Olympia Copwatch now regularly requests all reports detailing the use of force, all shift assignments worked by patrol officers, the names of each sworn officer and the dates of their hiring. We have collected lists of vehicles operated by the police department, and photographed vehicles and personnel for use in our posters. We have collected a list of all TASERs owned by the department and are working with Amnesty International Chapter #474 to collect the detailed logs of each weapon's use, for regular auditing of TASER use by officers.

This systematic approach, coupled with regular reports to this newspaper and before the City Council's Tuesday meetings, has resulted in the reduction of TASER use by two thirds for Feb-April 2005. There are indications that the command staff of the Police Department has altered the level of details recorded in the minutes of their Strategic Technology Enhanced Policing (STEP) meetings to respond to an incident when a Copwatch organizer read the minutes at a City Council meeting in June. Police Chief Gary Michel even went so far as to meet and speak with former Seattle Chief of Police Norm Stamper, who has (since his retirement) become an outspoken critic of violent police culture. Changes are in the air.
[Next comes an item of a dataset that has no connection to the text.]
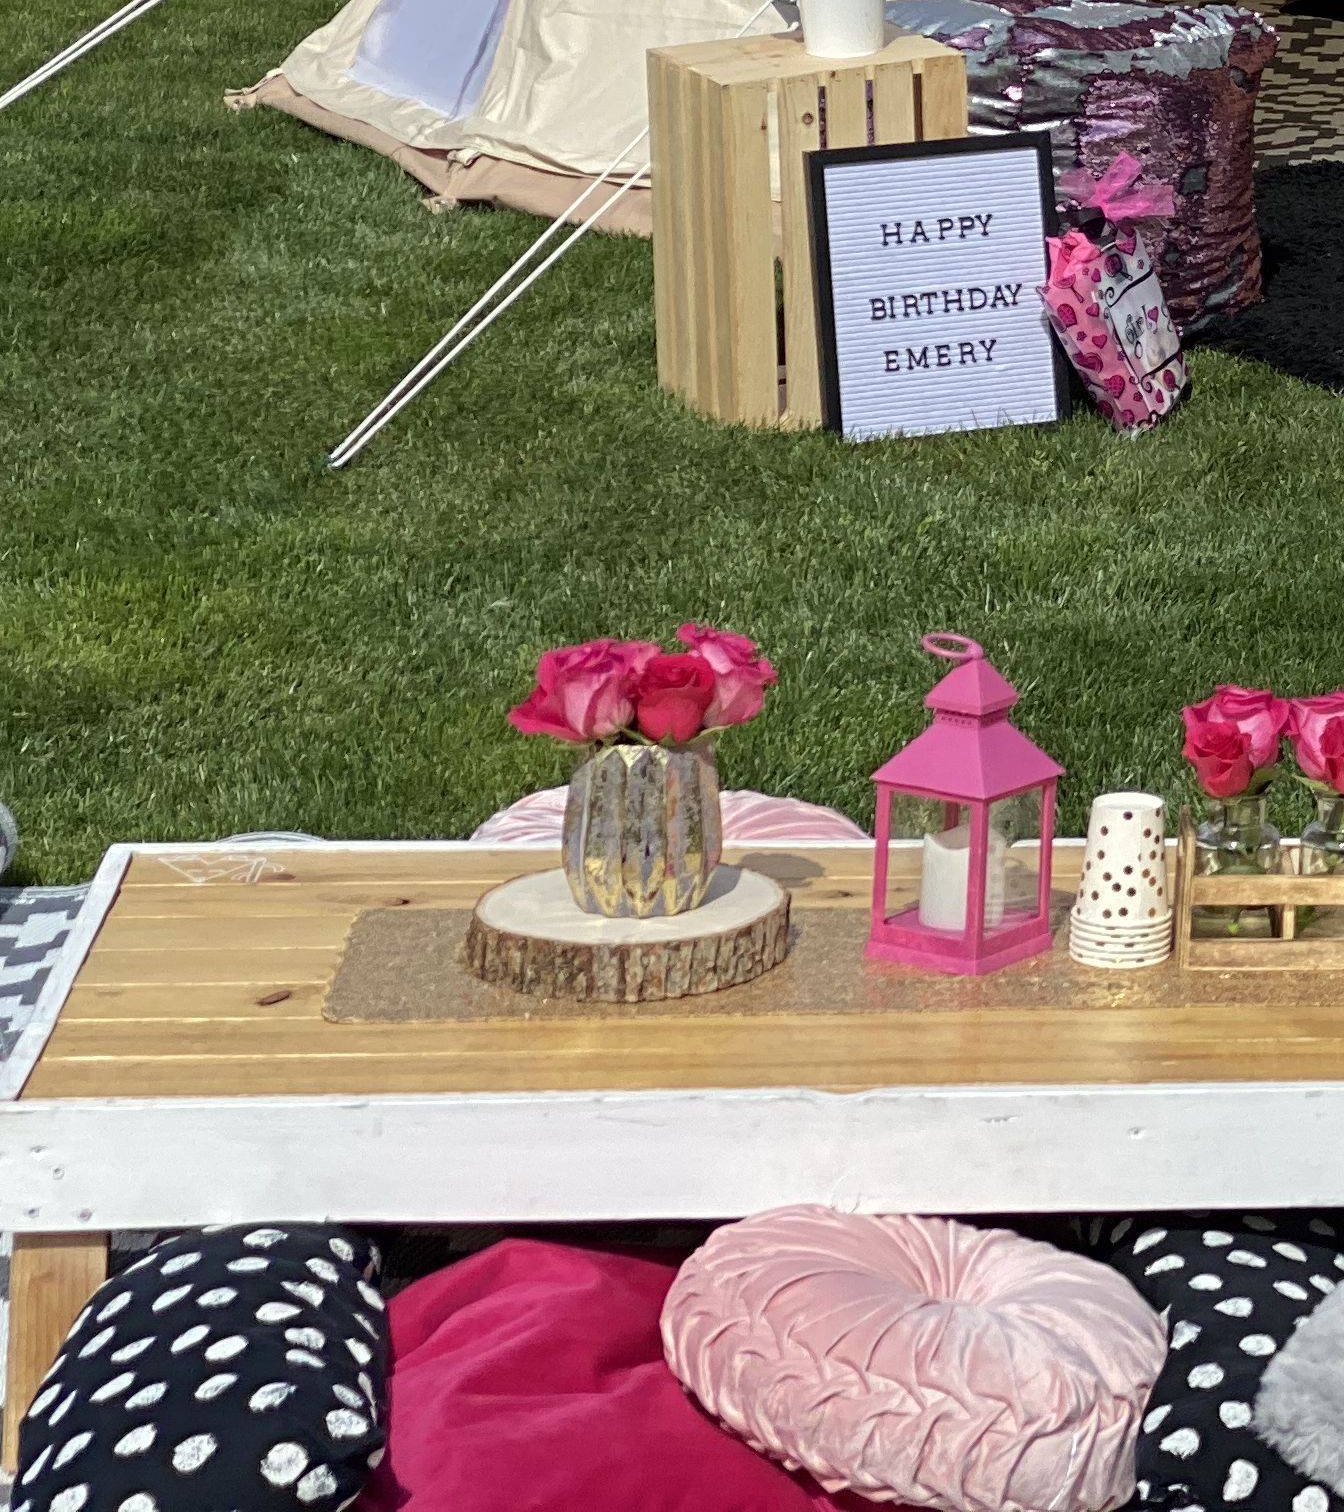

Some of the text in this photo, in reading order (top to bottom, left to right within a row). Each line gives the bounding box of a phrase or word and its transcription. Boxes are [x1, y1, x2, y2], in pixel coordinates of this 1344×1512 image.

It is important that we remember all of this if the department begins to unravel in the next few weeks and months under the weight of sex scandals and accusations of reprisals and abuse. The progress we have seen could easily be lost under the seedy (and distracting) details of the sex lives of more than six department employees (and former employees and volunteers) as they file their declarations and rebuttals in the case of Mel Jetter and his former lover, Cheryl King. Jetter stands accused of driving his vehicle into Ms King sometime in the early part of 2002. The details are sketchy and contradictory, but the story of their messy breakup threatens to become the most recent public face of Olympia Police dysfunction in the pages of the only daily newspaper in Thurston County. It is likely only the visible portion of a much larger circle of furtive on-the-job couplings within a culture noted for its isolation from normal society. It is also, as I have suggested, largely beside the point -- except where it illustrates the impotence of management in the face of the Police Guild. (Mel Jetter is reportedly an officer of the Guild, and narrowly escaped firing in a 2003 letter of rebuke by his boss, Gary Michel.)

In this environment, it is time for Olympia Copwatch to step up, and adopt a strategy which gets to the root of the problem of police accountability. It is time Copwatch became the police auditor in fact, rather than by default. We can't wait for the City Council to act on our behalf any longer. We must create the office we expect to see, and fund it ourselves as we see fit. We must challenge oligarchy by adopting direct democracy.

If the community wants a real, independent police auditor, we have the technology and the laws in place already to facilitate much of what we want to see. It will take at least one full time employee for the first year, and perhaps as much as $15,000 per year to fund that employee's salary and office supplies. I am proposing that I train that employee in the document request and organizing techniques which have begun to bear fruit, and direct the organization of a true grassroots democratic model of police accountability for the future of Olympia. I am not running for, and will not accept at this time, that paid position due to the conflict of interest it would generate for me in the 2006 election cycle.